Vittoria. A buon rivederci. (partendo)

Giacinta. Addio.

Guglielmo. Servo di lor signori. (saluta Filippo e Giacinta)

Filippo. Riverisco il signor Guglielmo.

Guglielmo. M’inchino alla signora Giacinta. (partendo)

Giacinta. Serva, serva, (a Guglielmo) Ci divertiremo col signor dottorino. (a Ferdinando)

Ferdinando. Moltissimo. Servitor loro. (partendo)

Filippo. Padrone. (a Ferdinando)

Giacinta. Padrone. (a Ferdinando; partono i tre suddetti)

Filippo. Se andate alla tavoletta, spicciatevi, ch’io ho fame e voglio andar a pranzare. (parte)

SCENA X.

Giacinta, poi Brigida.

Giacinta. Son fuor di me. Non so in che mondo mi sia.

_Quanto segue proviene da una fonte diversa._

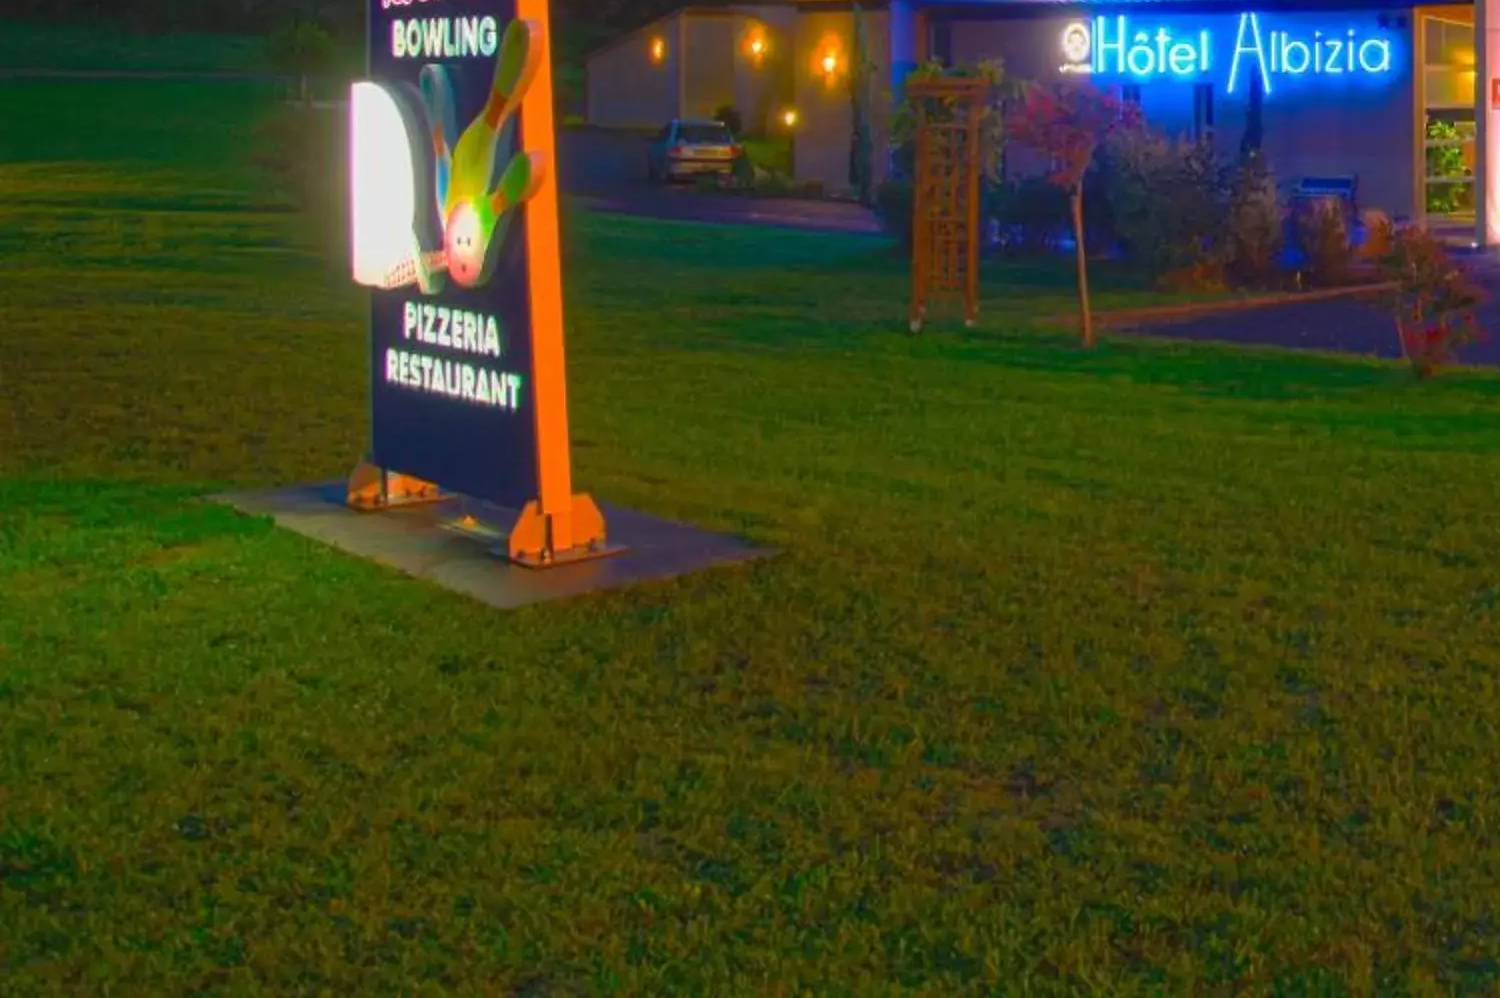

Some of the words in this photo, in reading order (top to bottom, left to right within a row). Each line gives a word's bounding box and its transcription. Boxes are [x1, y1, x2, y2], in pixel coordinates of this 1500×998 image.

Brigida. Signora padrona, come va la macchina?

Giacinta. Taci, per carità. Non cimentarti con barzellette a provocare la mia sofferenza.

Brigida. Signora, avrei una cosa da dirvi; ma non vorrei che vi metteste in maggior ardenza.

Giacinta. E che cosa vorresti dirmi?

Brigida. Se non vi calmate, non ve la dico.

Giacinta. Via, compatiscimi, che merito di essere compatita. Parlami, che ti ascolterò senza sdegno.

Brigida. Nell’atto che scendeva le scale la signora Vittoria, servita dal signor Ferdinando...

Giacinta. Non la serviva Guglielmo? Era servita da Ferdinando?

Brigida. Sì, signora, il signor Ferdinando le dava braccio.

Giacinta. (L’ho sempre detto. Guglielmo non la può soffrire).

Brigida. Nell’atto dunque ch’essi scendevano, restò indietro il signor Guglielmo. Mi chiamò sottovoce...

Giacinta. E che cosa ti ha detto quel temerario?

Brigida. Se andate in collera, non vi dico altro.